Il credit score è un dato numerico e può essere elaborato alla luce di diversi elementi e informazioni a cui viene conferito un punteggio. Si tratta di:

  • informazioni contenute nei SIC, ovvero nei Sistemi di Informazioni Creditizie: delle banche dati che contengono informazioni su quanto erogato in termini di credito;
  • rispetto delle scadenze e storico dei pagamenti di volta in volta conseguiti;
  • informazioni di natura reddituale e anagrafica;
  • eventuali segnalazioni per anomalie;
  • sommatoria del numero di prestiti già in essere rispetto alla richiesta presentata.

Ognuno di questi modelli denota una logica di rating differente, a seconda della specifica situazione e dei parametri applicati dall’intermediario.

Credit & risk

Nella valutazione del credit score convergono anche gli elementi di rischio, come si può vedere, alla luce del cosiddetto credit risk management: una metodologia che mostra cosa può accadere in situazioni come un mancato pagamento.

Una soluzione volta a tutelare sia in fase di valutazione che successivamente, permettendo di attuare le misure correttive del caso.
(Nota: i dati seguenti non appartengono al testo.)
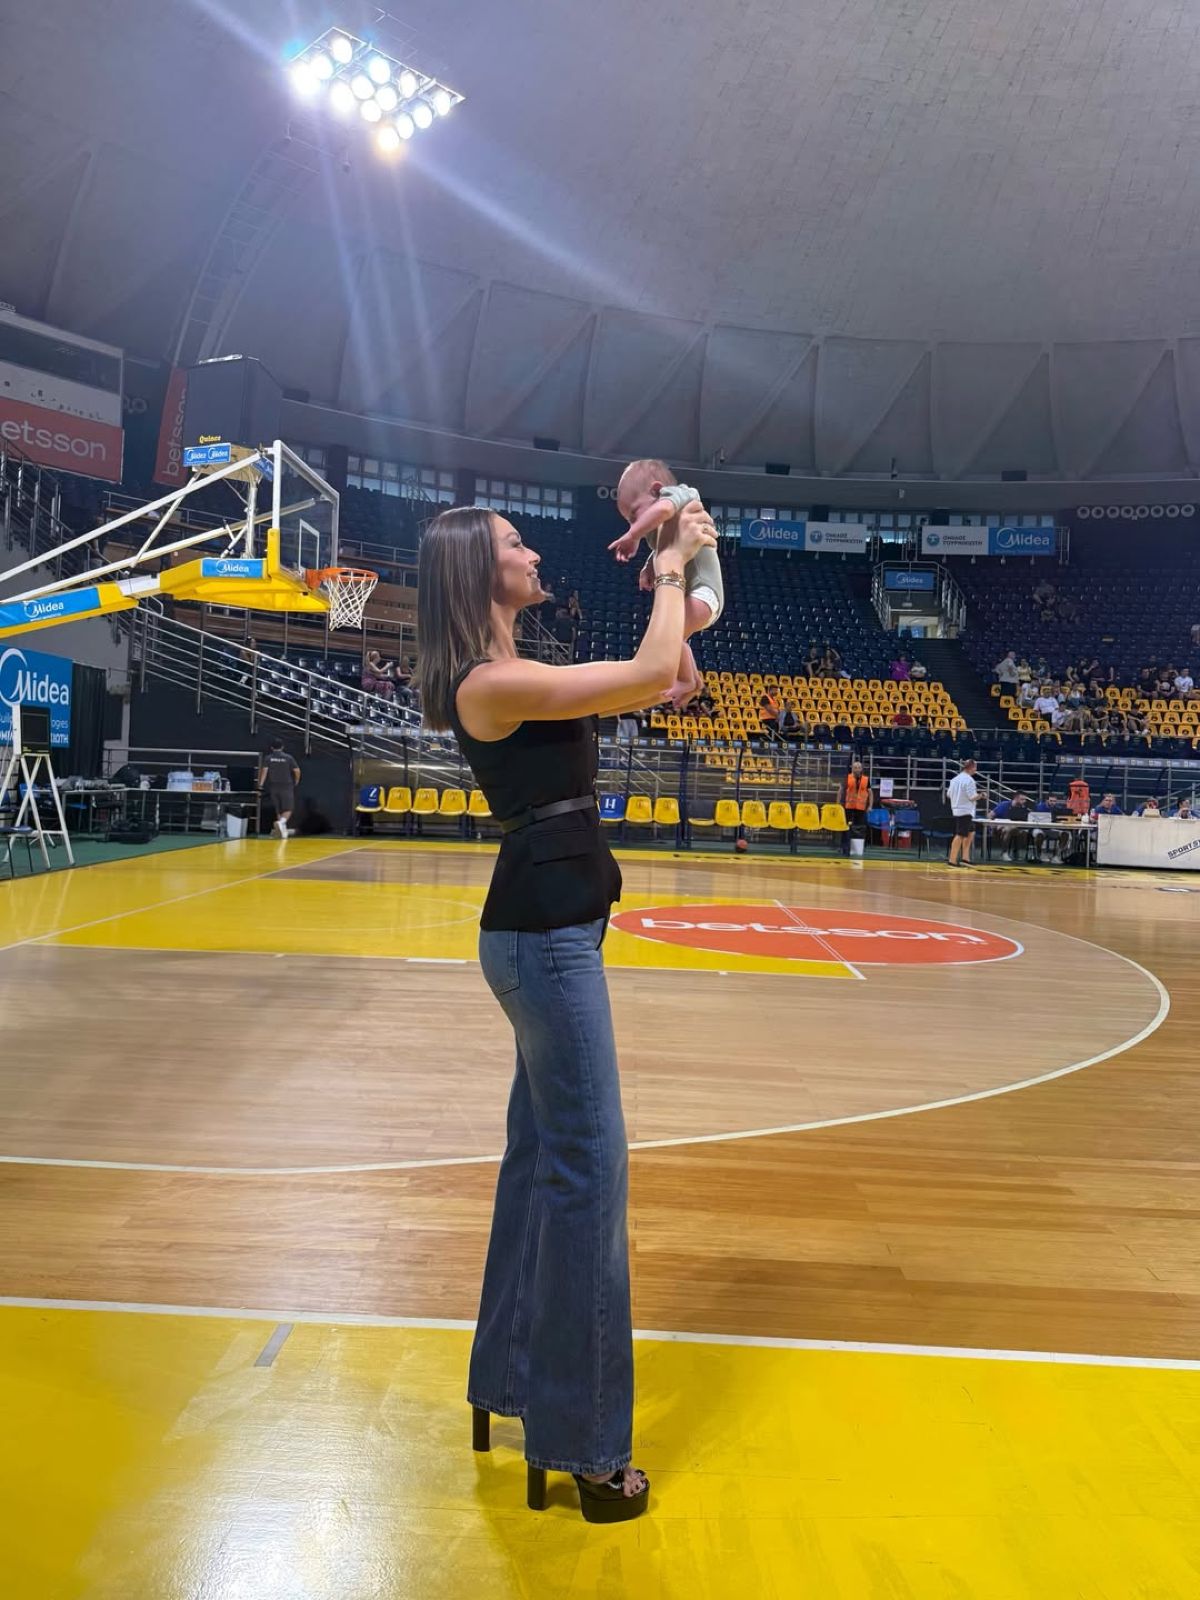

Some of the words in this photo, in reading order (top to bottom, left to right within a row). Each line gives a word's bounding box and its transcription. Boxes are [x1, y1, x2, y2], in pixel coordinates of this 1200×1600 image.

[996, 527, 1050, 548] Midea
[216, 560, 249, 573] Midea
[24, 600, 64, 618] Midea
[0, 648, 69, 708] Midea
[640, 918, 986, 942] betsson
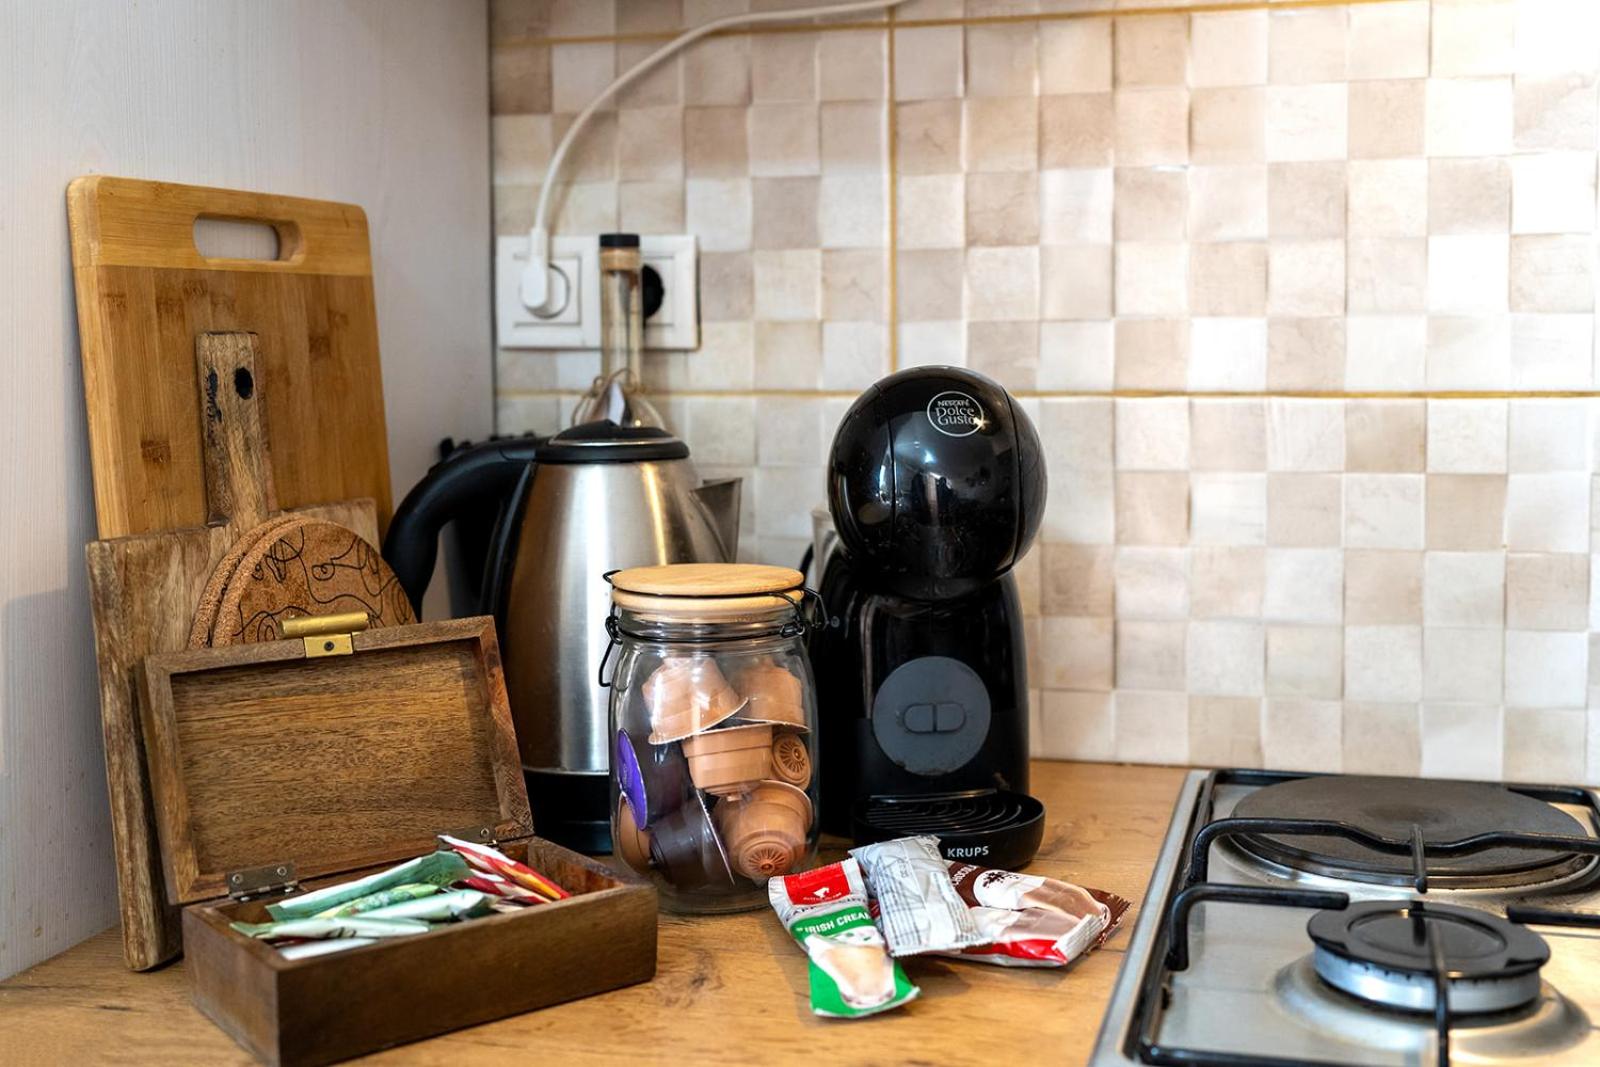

La parte di credit risk è dunque particolarmente delicata.

Credito in Italia: la situazione attuale

La situazione del credito in Italia, stando agli ultimi dati di Experian, racconta di famiglie caute, ma anche della diffusione crescente e consolidata, soprattutto tra i giovani, delle formule di credito flessibile. I mutui sono stabili, ma è il Buy Now Pay Later a fare la parte del leone, complice una crescita ad aprile 2026 che ammonta al 48,6%.

Anche prestiti personali e prestiti captive, rispettivamente al +19% e al 4,5% sono in crescita rispetto all’anno precedente, a fronte di un andamento che richiede ancora più attenzione, tanto per gli istituti finanziari quanto per i stessi soggetti richiedenti, di tutto ciò che ruota attorno al credit score. Un parametro più influente di quanto non si possa pensare.